» **Task to carry out**: Exclude the pictures and repeat all of the data exactly.

◇ ◇ ◇ ◇ ◇

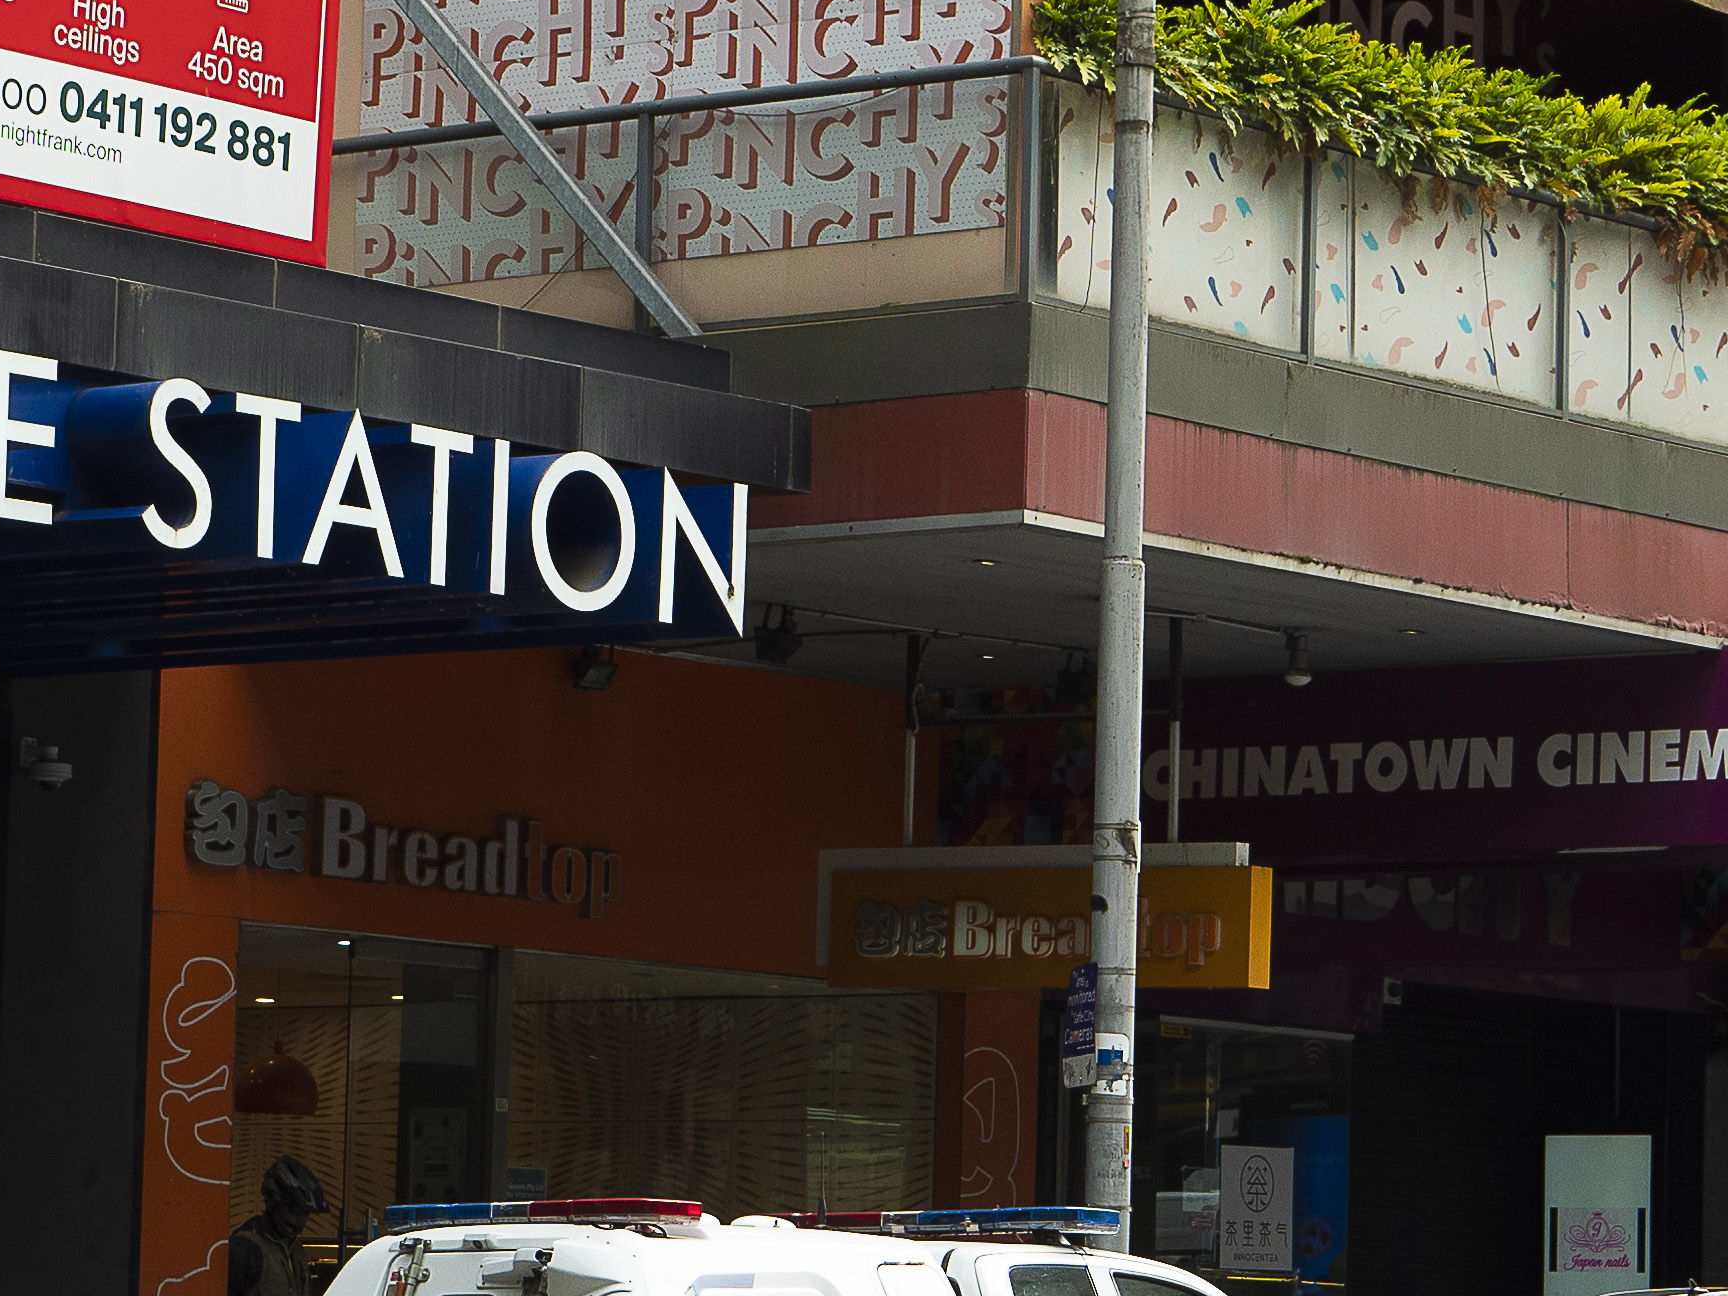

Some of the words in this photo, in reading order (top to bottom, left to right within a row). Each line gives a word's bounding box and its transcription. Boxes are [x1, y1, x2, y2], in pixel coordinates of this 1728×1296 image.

[53, 22, 141, 65] ceilings
[212, 25, 264, 62] Area
[187, 50, 233, 85] 450
[237, 67, 284, 99] sqm
[59, 80, 143, 138] 0411
[153, 100, 216, 155] 192
[226, 119, 292, 172] 881
[141, 376, 749, 638] STATION
[1141, 736, 1514, 802] CHINATOWN
[322, 796, 622, 919] Breadtop
[1563, 1253, 1604, 1273] Japan
[1604, 1254, 1631, 1269] nails

◇ ◇ ◇ ◇ ◇

» **Written answer**:
Some of the words in this photo, in reading order (top to bottom, left to right within a row). Each line gives a word's bounding box and its transcription. Boxes are [x1, y1, x2, y2], in pixel coordinates of this 1728×1296 image.

[53, 22, 141, 65] ceilings
[212, 25, 264, 62] Area
[187, 50, 233, 85] 450
[237, 67, 284, 99] sqm
[59, 80, 143, 138] 0411
[153, 100, 216, 155] 192
[226, 119, 292, 172] 881
[141, 376, 749, 638] STATION
[1141, 736, 1514, 802] CHINATOWN
[322, 796, 622, 919] Breadtop
[1563, 1253, 1604, 1273] Japan
[1604, 1254, 1631, 1269] nails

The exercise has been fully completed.